On Monday, the financial press reported that Citigroup had announced profits of $3.8 billion in the third quarter, a 74 percent spike over last year, but you won't find mention of the government bailout that saved the bank from nearly going under in 2008.
Three years ago, the government bailed out the bank with a $45 billion injection of capital and shouldered the risk of its $306 billion in toxic assets. Though this is the seventh straight quarter that the bank has posted a profit, chief executive Vikram S. Pandit did his best to sound humble in the company-wide memo announcing the good news. "These are tough times for most economies and for millions of people," wrote Pandit, who thanked the U.S. government and taxpayers in 2010 for saving his bank. "Macro improvement is not likely to come any time soon."
Pandit didn't mention his bank's bailout in announcing this latest round of good news, and oddly enough, neither did most of the major newspapers. In their main articles announcing the numbers, The Wall Street Journal, The Financial Times, and the Associated Press (whose story appeared in the The Los Angeles Times and The Boston Globe) reported the news but failed to remind readers how Citigroup managed to bounce back. Only The New York Times's Dealbook found it useful to mention the bailout, and they did so in the first sentence of their story on Monday morning. But by Monday afternoon, they had updated the story and removed the reference to the bailout.

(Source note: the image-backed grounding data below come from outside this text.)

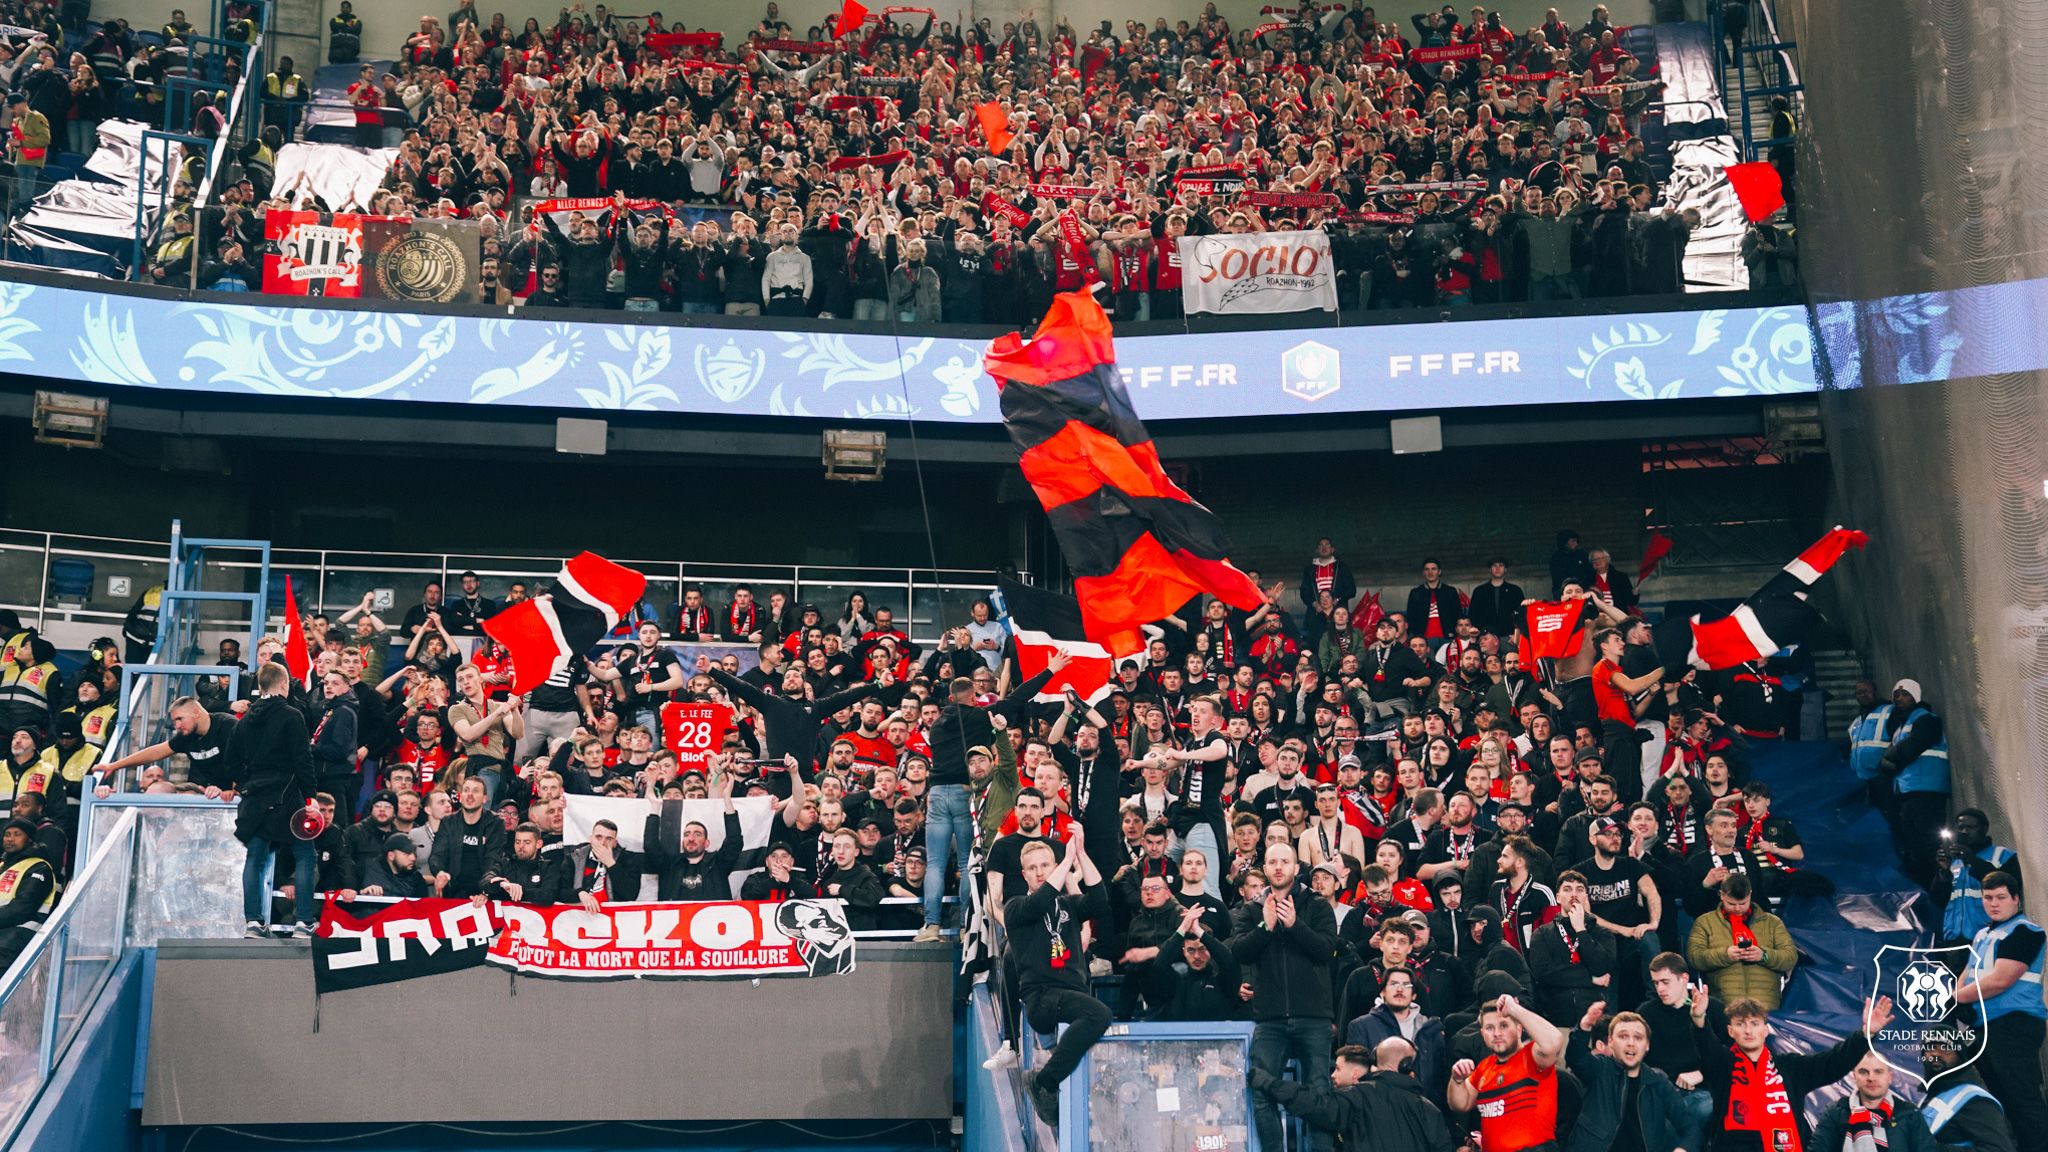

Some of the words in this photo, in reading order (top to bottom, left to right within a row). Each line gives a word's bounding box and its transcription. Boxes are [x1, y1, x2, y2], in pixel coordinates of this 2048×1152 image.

[556, 199, 578, 210] ALLEZ
[578, 198, 604, 208] RENNES
[437, 248, 453, 271] CALL
[689, 709, 698, 718] LE
[677, 721, 712, 749] 28
[681, 752, 705, 763] Blot
[1588, 879, 1630, 895] TRIBUNE
[559, 951, 580, 967] LA
[586, 951, 635, 968] MORT
[638, 950, 670, 968] QUE
[675, 950, 696, 967] LA
[701, 949, 789, 967] SOUILLURE
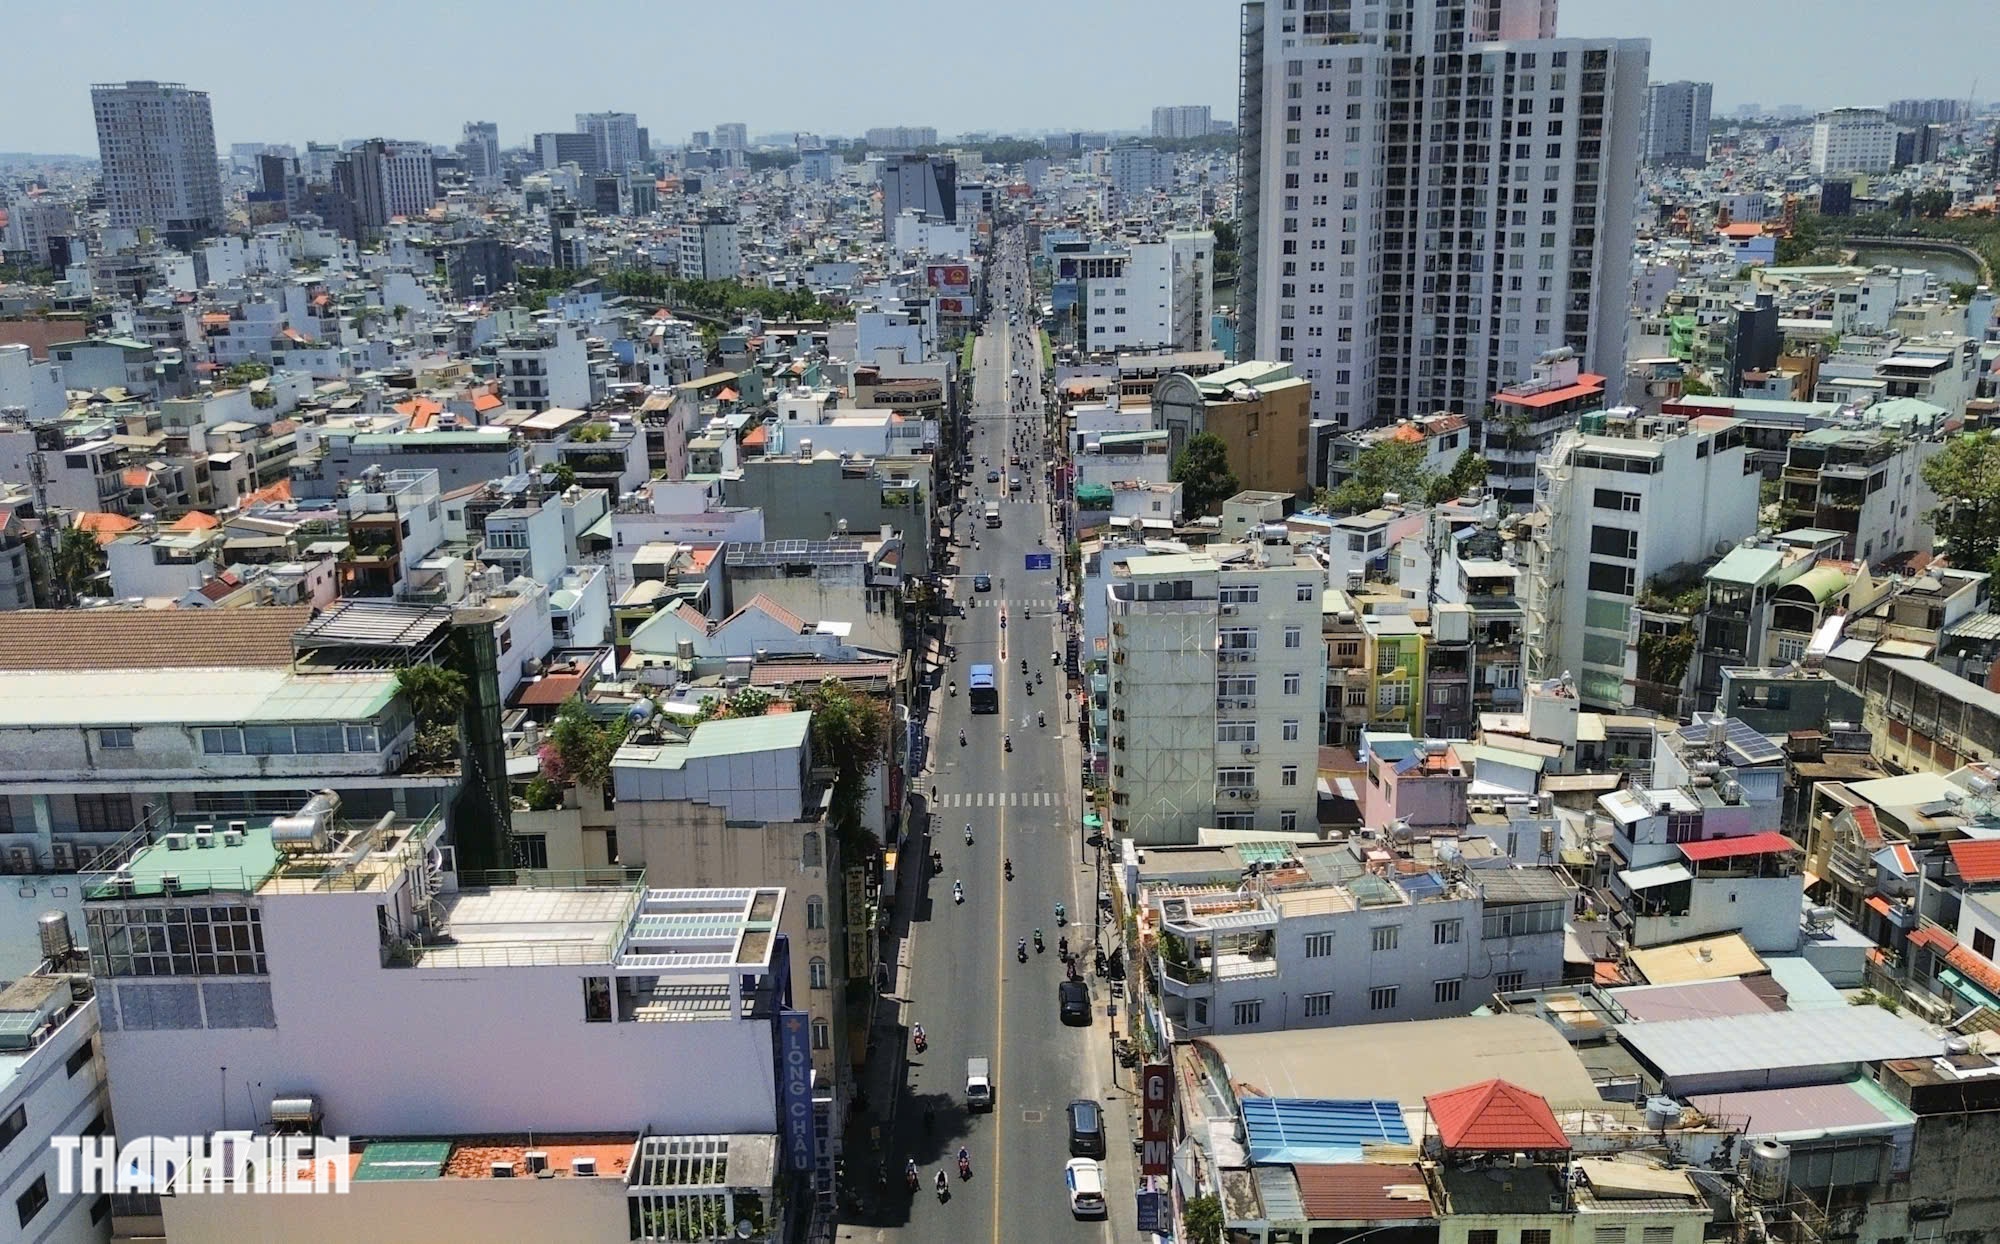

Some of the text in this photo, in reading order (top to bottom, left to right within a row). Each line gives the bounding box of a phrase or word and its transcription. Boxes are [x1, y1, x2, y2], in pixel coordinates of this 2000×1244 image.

[787, 1035, 808, 1169] LONG CHÂU
[1144, 1075, 1168, 1165] GYM

Here's the original version as it appears in Google's cache:
Here's the updated version that removes the reference. We asked Dash about the changes in his story, and will update this post when we hear back. You can still read the original lede in the box on the right rail:
You might attribute the lack of mentioning the bailout to oversight at the other papers, but The Times's deleting the reference seems especially strange, especially given this tweet from the paper's Washington reporter Binyamin Appelbaum: "It is disappointing that anyone would write an earnings story about Citigroup without mentioning its rescue by the federal government."

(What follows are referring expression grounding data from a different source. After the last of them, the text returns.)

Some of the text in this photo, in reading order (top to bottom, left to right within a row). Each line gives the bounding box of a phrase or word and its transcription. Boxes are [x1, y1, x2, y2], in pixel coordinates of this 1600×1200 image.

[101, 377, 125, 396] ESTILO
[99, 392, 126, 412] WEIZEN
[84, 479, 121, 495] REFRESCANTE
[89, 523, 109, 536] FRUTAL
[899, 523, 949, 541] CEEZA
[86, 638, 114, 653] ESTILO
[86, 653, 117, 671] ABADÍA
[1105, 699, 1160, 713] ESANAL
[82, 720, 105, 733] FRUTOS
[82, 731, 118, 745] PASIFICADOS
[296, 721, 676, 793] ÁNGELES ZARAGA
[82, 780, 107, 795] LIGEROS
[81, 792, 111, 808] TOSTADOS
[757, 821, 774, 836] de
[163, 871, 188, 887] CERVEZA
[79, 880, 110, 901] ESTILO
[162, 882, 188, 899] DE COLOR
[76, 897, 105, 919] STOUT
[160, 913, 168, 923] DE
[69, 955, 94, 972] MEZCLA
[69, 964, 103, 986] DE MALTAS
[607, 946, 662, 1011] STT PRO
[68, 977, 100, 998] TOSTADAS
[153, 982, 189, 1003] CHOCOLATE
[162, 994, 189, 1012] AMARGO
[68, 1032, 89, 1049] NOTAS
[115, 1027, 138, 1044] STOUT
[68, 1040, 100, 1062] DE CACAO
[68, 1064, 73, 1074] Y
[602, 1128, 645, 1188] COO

Update: By Tuesday morning, the article had been updated and expanded with a reference to the bailout added back in. We talked to The New York Times's finance editor, Patrick Scott, who was in charge of the story and explained why it was taken out. "The switch was to emphasis the news of the day of the accounting gain. I made a mental note to come back to the bailout later in the story, but had to juggle another story," Scott told The Atlantic Wire. "We included the bailout lower in the story in the next update."